Altre FSRS si ostinano a confondere in una unica interminabile crisi del capitalismo tutti gli avvenimenti dell'epoca imperialista. Esse negano che l'epoca imperialista si divida in una successione di fasi distinte da salti qualitativi. In questo modo esse si impediscono di vedere il concreto movimento delle contraddizioni e di potervi intervenire con iniziative politiche differenziate a seconda delle fasi. Non a caso si tratta di FSRS dogmatiche. In particolare esse si impediscono di vedere nella loro ampiezza gli effetti della prima ondata della rivoluzione proletaria e il ruolo che giocano oggi le Forme Antitetiche dell'Unità Sociale ben più sviluppate di quanto lo fossero durante la prima crisi generale. Due fattori che rendono lo svolgimento della seconda crisi generale del capitalismo in parte diverso dallo svolgimento della prima proprio per il ruolo maggiore che l'attività politica svolge nel movimento economico. Questo resta ingovernabile perché avviene ancora nel contesto di rapporti di produzione capitalisti, ma nel suo concreto svolgimento risente continuamente degli interventi politici. Come un cavallo imbizzarrito non fa quello che il suo cavaliere vorrebbe, ma reagisce a suo modo agli stimoli di quello.

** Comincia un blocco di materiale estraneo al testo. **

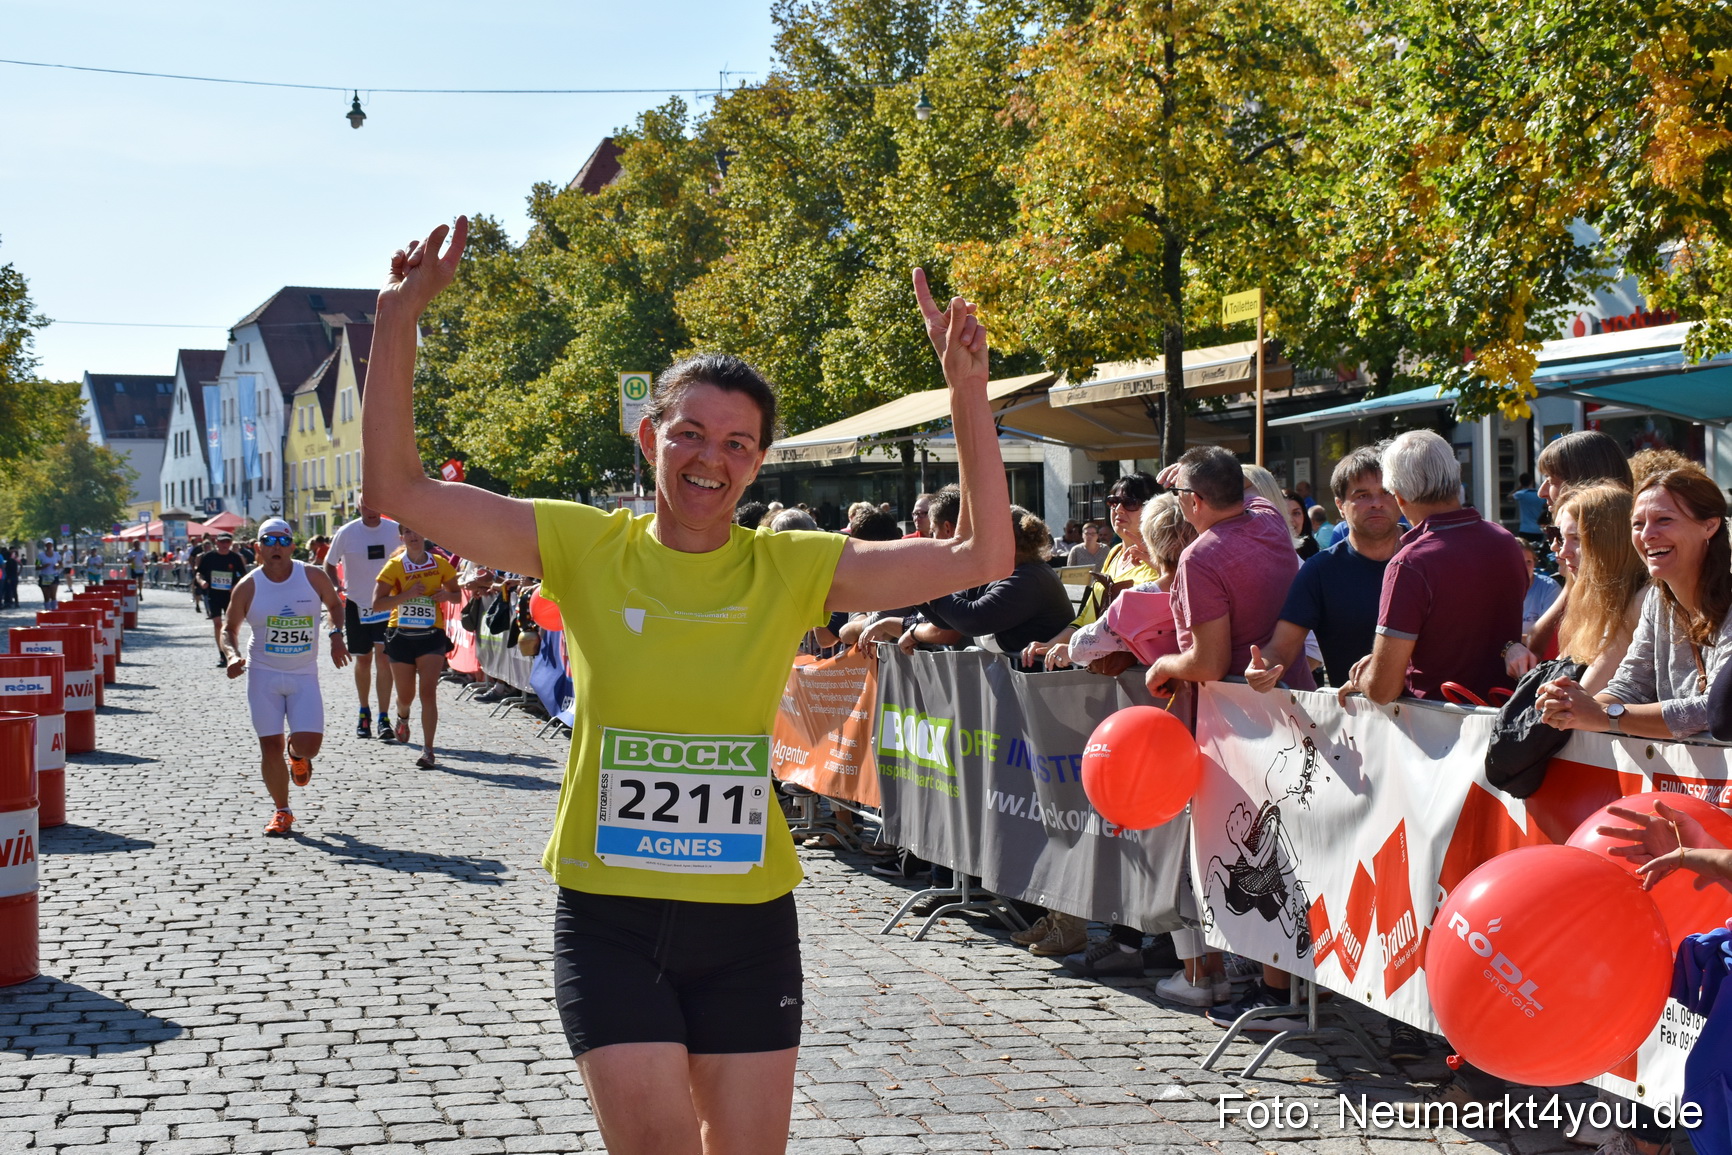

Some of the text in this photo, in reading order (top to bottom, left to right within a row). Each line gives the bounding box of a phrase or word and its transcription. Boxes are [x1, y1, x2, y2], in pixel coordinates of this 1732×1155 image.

[1229, 299, 1258, 315] Toiletten
[402, 605, 431, 617] 2385
[270, 630, 309, 643] 2354
[614, 735, 757, 772] BOCK
[772, 739, 809, 766] Agentur
[618, 779, 745, 825] 2211
[636, 836, 723, 857] AGNES
[1378, 909, 1415, 969] Braun
[1483, 969, 1535, 1018] energie
[1660, 1024, 1678, 1047] Fax

Non a caso queste FSRS dicono che l'umanità si trova oggi come ieri ancora di fronte al bivio "socialismo o barbarie". Perché non vedono i progressi che l'umanità ha comunque compito verso il comunismo. La realtà mostra invece che l'umanità ha comunque camminato verso il comunismo,  cioè verso l'adeguamento dei suoi rapporti di produzione al carattere già collettivo delle sue attività economiche. Ma ci sono due strade attraverso le quali essa marcia: una è quella diretta e rapida della conquista immediata del potere da parte della classe operaia e dell'instaurazione del socialismo; l'altra è quella lenta, penosa e tormentosa dei tentativi di dare il via alla trasformazione socialista e della costruzione e distruzione di FAUS sotto la dominazione della borghesia imperialista finché non saranno maturate condizioni soggettive più favorevoli per la conquista del potere da parte della classe operaia e l'instaurazione del socialismo.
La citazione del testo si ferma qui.